Sharon H. Ringe on εγω ειμι in John 8:58 and 18:6

  

In 8:58 opponents immediately pick up stones to throw at him. In 18:6 the onlookers fall to the ground. These responses point toward a dramatic claim being conveyed by the phrase—in fact, apparently, a claim of Jesus’ divinity. Although in Exodus 3:14 where the divine name is given, the LXX uses ο ων, meaning something like “the Existent One” (Jerome Neyrey, An Ideology of Revolt: Christology in Social Science Perspective, 214), it is clear from the LXX of such texts as Isaiah 43:25; 45:18; 48:12; 51:12; and 52:6 that εγω ειμι was also a code for the divine name among Greek-speaking Jews.
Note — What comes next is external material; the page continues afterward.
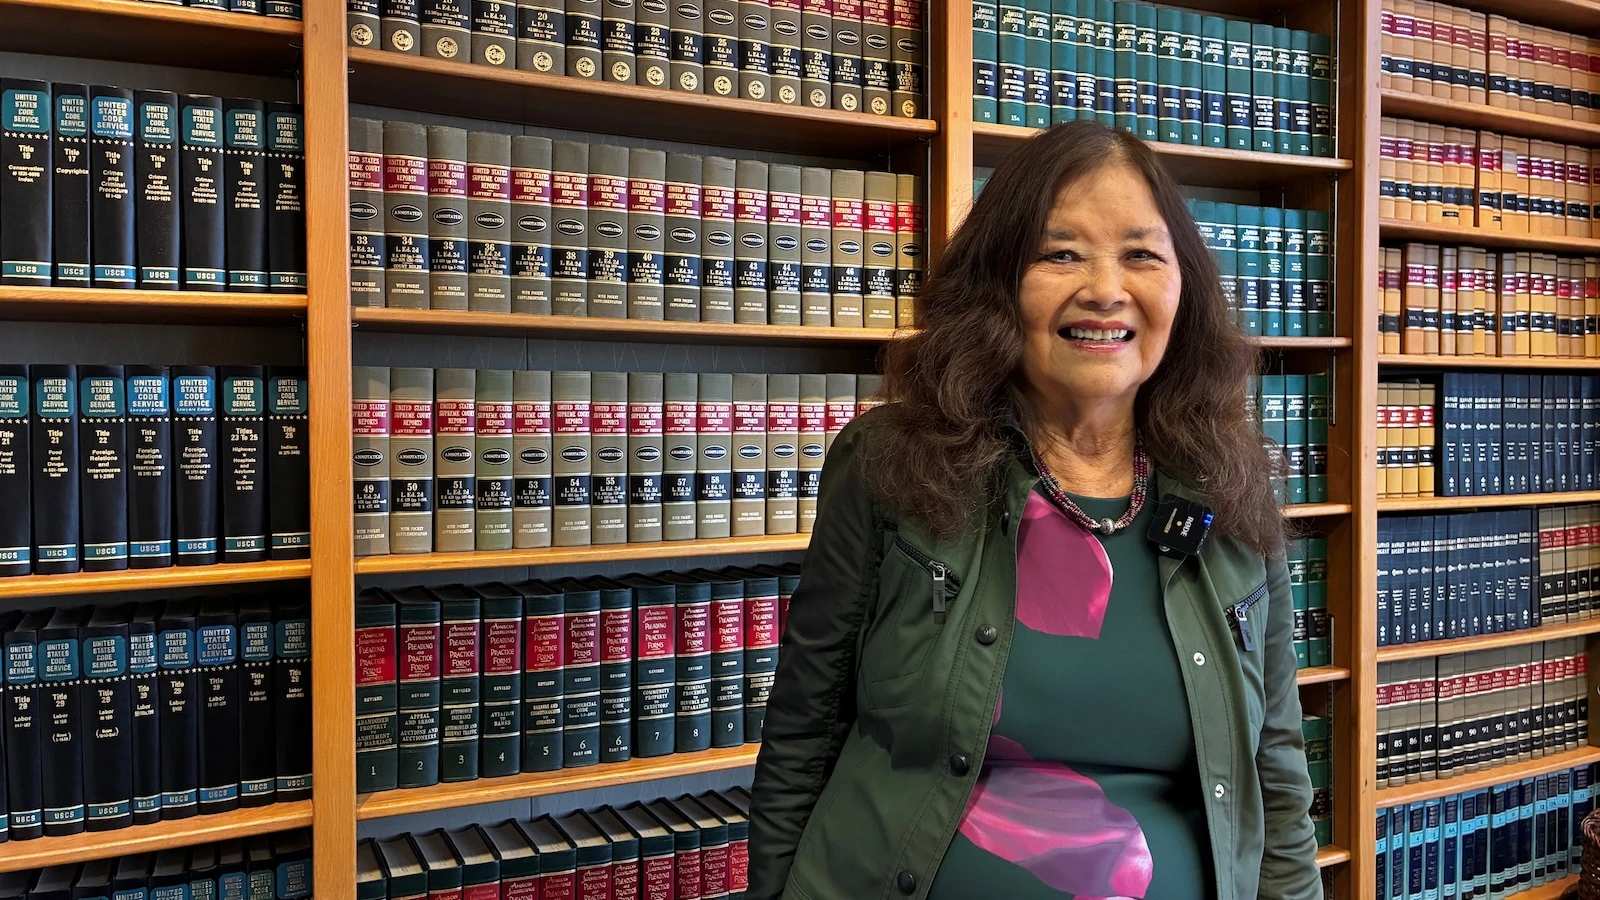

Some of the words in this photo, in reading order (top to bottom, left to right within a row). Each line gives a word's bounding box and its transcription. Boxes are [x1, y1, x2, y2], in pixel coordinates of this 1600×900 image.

The phrase—particularly when it has no complement—weaves through the Gospel the affirmation made in the λογος hymn of Jesus’ past eternity and future imperishability” (Ibid., 213; Elizabeth Harris, Prologue and Gospel: The Theology of the Fourth Evangelist, 130), now present in human flesh. (Sharon H. Ringe, Wisdom’s Friends: Community and Christology in the Fourth Gospel [Louisville, Ky.: Westminster John Knox Press, 1999], 61)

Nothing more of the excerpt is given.